Review by Daniel Lima
Director Kenneth Branagh’s first Hercule Poirot mystery, 2017's Murder on the Orient Express, was an excuse to play dress-up with famous people; the second, a turgid exploration of love and passion. From the first few frames of A Haunting in Venice, it is clear that Branagh is attempting a vastly different approach to this material. As exciting as it is to see an artist adopt a new style, it quickly becomes clear that his ambitions began and ended there.
Branagh again stars as the great detective, now living in retirement in Venice. Coaxed into attending a seance at a derelict manor by the promise of exposing a fraud, the gathering quickly turns into a crime scene, seemingly the work of vengeful spirits. Poirot goes through the usual motions, but as he attempts to hunt down the culprit, even he finds himself at a loss to explain the strange and impossible happenings around him.
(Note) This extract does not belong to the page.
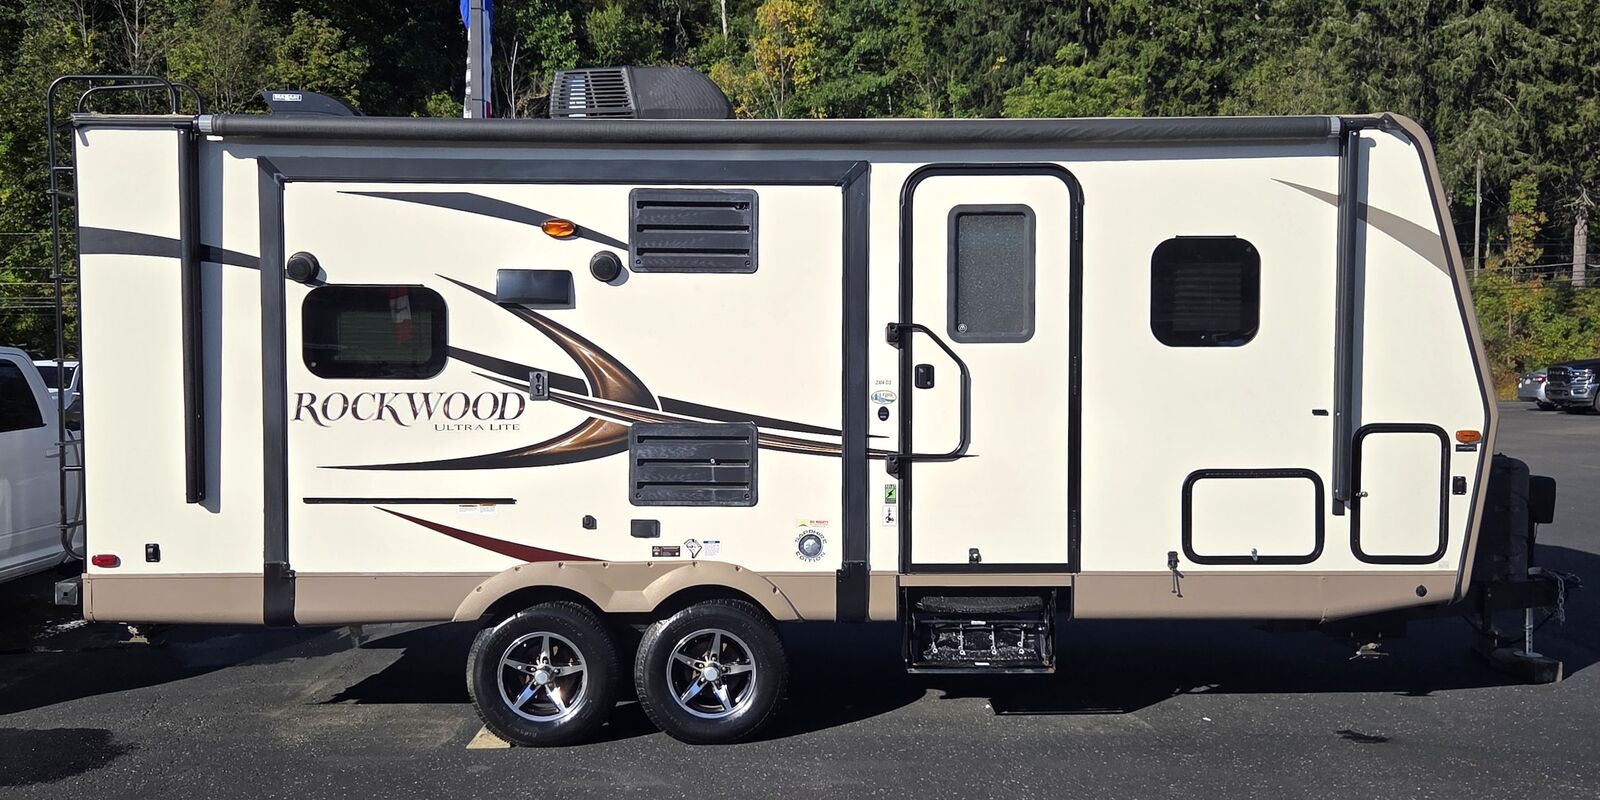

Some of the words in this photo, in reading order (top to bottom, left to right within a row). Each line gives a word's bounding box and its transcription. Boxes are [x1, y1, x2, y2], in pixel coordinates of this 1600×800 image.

[292, 391, 526, 428] ROCKWOOD
[434, 423, 485, 432] ULTRA
[489, 423, 521, 432] LITE
[795, 551, 827, 563] EDITION
True to its title, A Haunting in Venice adopts the macabre veneer of a horror film, or at least a ghostly mystery. The film is cast in subdued hues, and the dilapidated mansion with a dark past that it takes place in is a far cry from a luxury train car or a riverboat cruise. To that end, Branagh does not attempt to capture it in the same stodgy way the previous entries were shot. Here, he utilizes extreme Dutch angles, wide angle anamorphic lenses, and close-ups with vast negative space. All of these attempt to get across the feeling that there is something off, unnatural, wrong.
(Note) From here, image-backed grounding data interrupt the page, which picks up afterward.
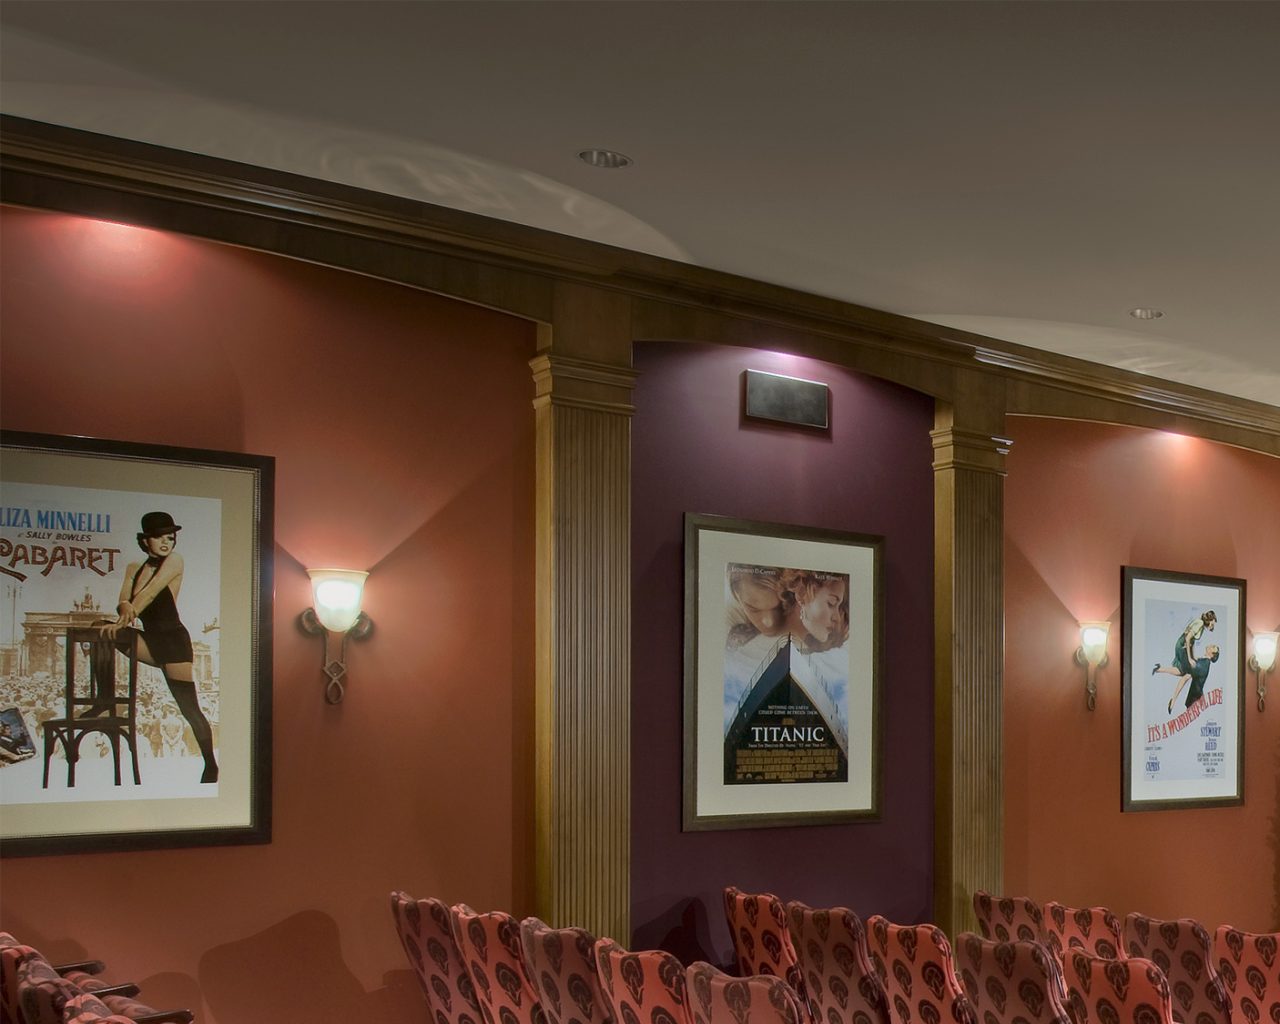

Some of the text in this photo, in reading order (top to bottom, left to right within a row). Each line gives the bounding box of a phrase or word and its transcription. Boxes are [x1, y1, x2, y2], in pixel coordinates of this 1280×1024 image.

[37, 510, 112, 533] MINNELLI
[25, 531, 53, 540] SALLY
[55, 533, 93, 542] BOWLES
[1162, 722, 1168, 739] A
[1167, 695, 1208, 736] WONDERFUL
[1207, 688, 1223, 706] LIFE
[751, 726, 825, 742] TITANIC
It’s a commendable effort, particularly from a director in his late-period who is not known as a visual stylist. Unfortunately, while the intent is clear, the effect is ruined by both the execution and the editing. Where a film like The Third Man would utilize angular compositions to present an askance view of the world, there would still be something in the frame to draw the eye and to actively focus on. For much of Branagh's film, the imagery seems pointedly unmotivated: flat and drab lighting that gives the setting an incongruous plastic sheen, objects of focus strewn randomly across the frame or completely nonexistent. At best, it looks as if Branagh knows the techniques that ought to be used but is still beholden to the bland and workmanlike vision he’s displayed in his recent work. At worst, it looks like an amateur production.
Perhaps if the camera lingered on these images and actually allowed the audience to search the screen for some meaning only to come up short, they would cultivate a surreal, nightmarish atmosphere. The problem is this movie is edited like a studio project in 2023, with a flurry of cuts that constantly keep the narrative moving forward. It is as if there’s a fear the audience will get too bored if the mystery movie gets bogged down by attempting to be mysterious. The narrative hinges on the feeling that there might be some supernatural evil at work, but the compromised aesthetic sandblasts away any texture the film could have had.
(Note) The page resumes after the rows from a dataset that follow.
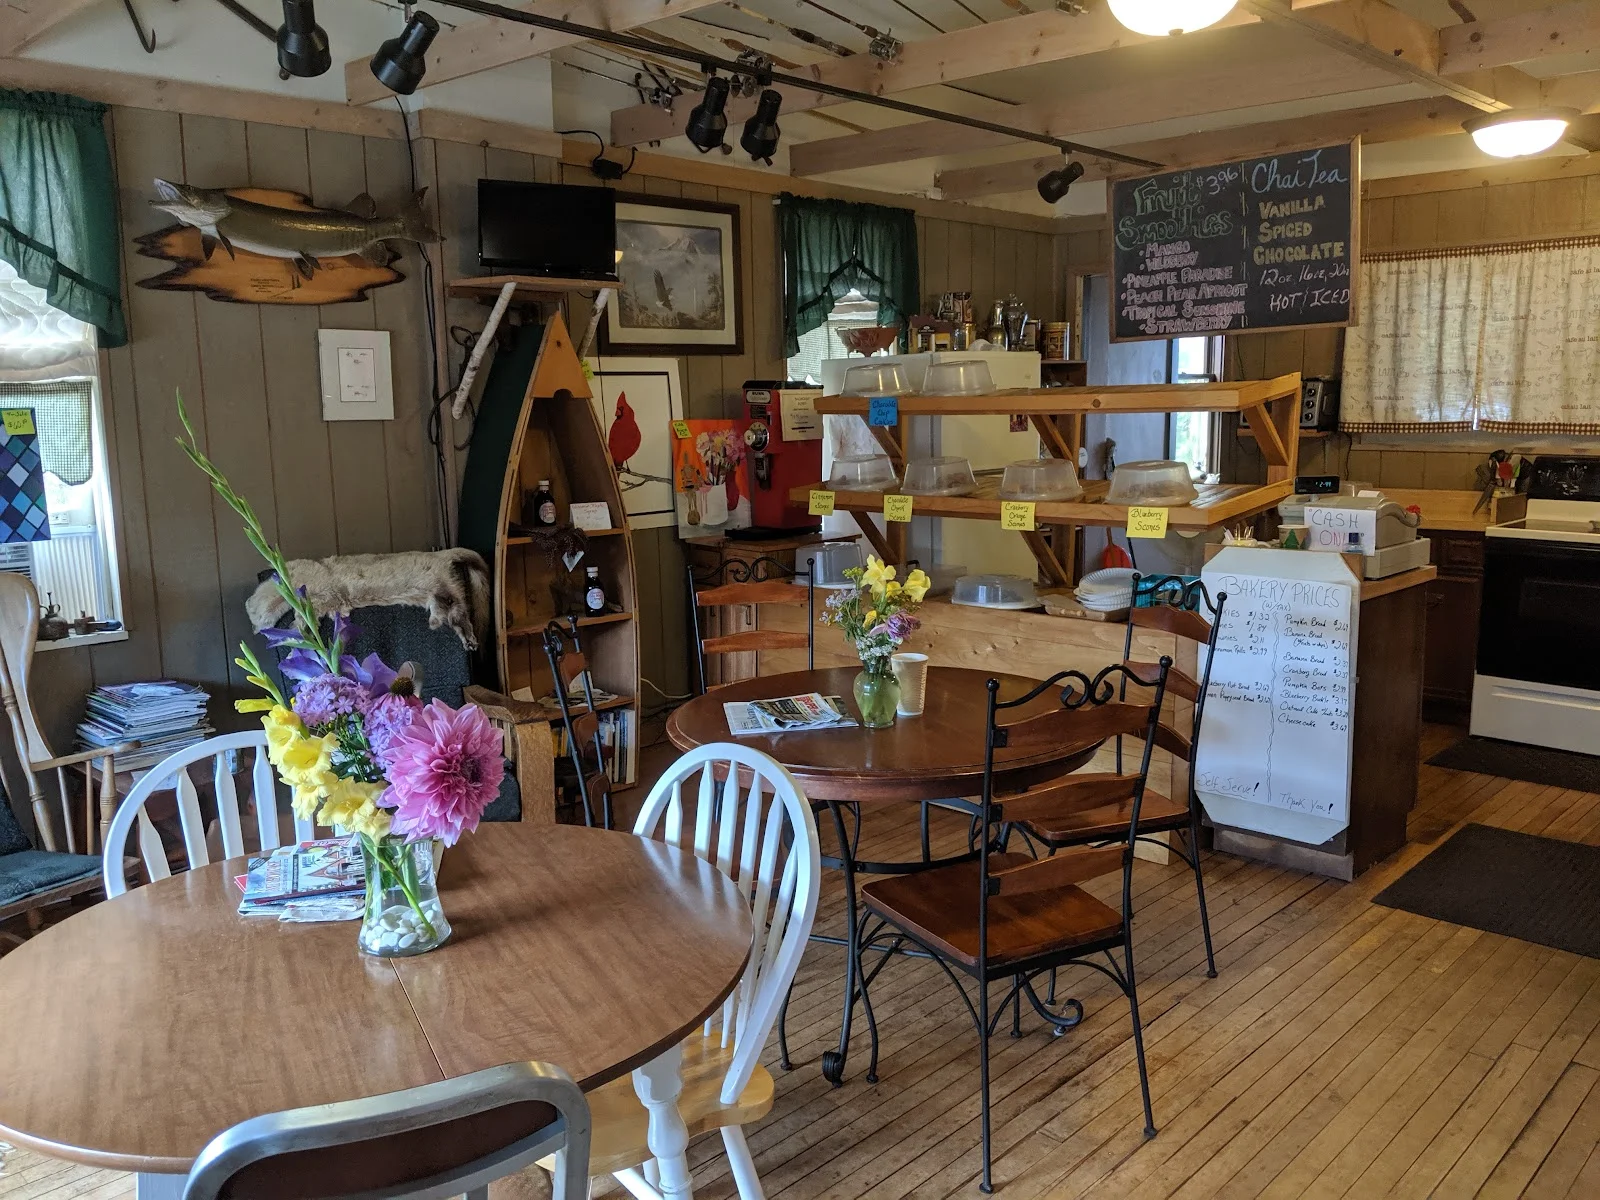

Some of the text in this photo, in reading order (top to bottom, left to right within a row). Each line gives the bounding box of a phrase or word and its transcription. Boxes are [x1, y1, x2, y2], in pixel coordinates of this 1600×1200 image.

[1252, 150, 1347, 193] Chai Tea
[1133, 171, 1201, 216] Fruit
[1259, 195, 1326, 219] VANILLA
[1258, 222, 1312, 243] SPICED
[1146, 240, 1190, 257] MANGO
[1253, 241, 1345, 266] CHOCOLATE
[1146, 251, 1199, 271] WILDBERRY
[1127, 265, 1233, 289] PINEAPPLE PARADISE
[1127, 283, 1248, 305] PEACH PEAR APRICOT
[1270, 293, 1303, 312] HOT
[1310, 288, 1350, 308] ICED
[1124, 299, 1246, 321] TROPICAL SUNSHINE
[1145, 315, 1233, 334] STRAWBERRY
[1130, 507, 1163, 520] Blueberry
[1311, 509, 1359, 528] CASH
[1135, 520, 1161, 532] Scones
[1217, 576, 1341, 609] BAKERY PRICES
[1284, 613, 1308, 627] Pumpkin
[1311, 616, 1327, 627] Bread
[1309, 654, 1326, 664] Bread
[1312, 667, 1328, 677] Bread
[1283, 676, 1308, 690] Pumpkin
[1196, 771, 1260, 798] Self Serve!
[1279, 792, 1334, 815] Thank You!
This means that A Haunting in Venice is left to stand as the previous entries have: as a star-studded locked room mystery. Here, it comes up woefully short. The characters lack complexity, given the barest level of definition, which in turn means the actors have nothing to build their performances off of. None of the ensemble is able to leave an impression (with the exception of a horribly miscast Tina Fey). The actual mystery plays out the way any boilerplate ghost story would, with a conclusion that anyone passingly familiar with this kind of detective story can see coming a mile away. Even Poirot himself feels rudderless, lacking any personal investment in the unfolding narrative or even the small fun character moments that have made Branagh’s portrayal enjoyable. When the mystery is resolved and the characters part ways, it’s hard to see what was the point of it all.
That is the crucial failure of A Haunting in Venice. Beyond changing the cinematography, there is no animating idea behind it, no theme that underscores every frame. One might argue that the story explores the ghosts of the past and belief in something greater than the material world, but the former could be said of the last two entries, and the latter is undermined by the ugly visuals. With nothing to lend the procedural any emotional heft, it can only ever be an stylistic exercise. Sadly, Kenneth Branagh was not up to the task.
A Haunting in Venice hits theaters September 15.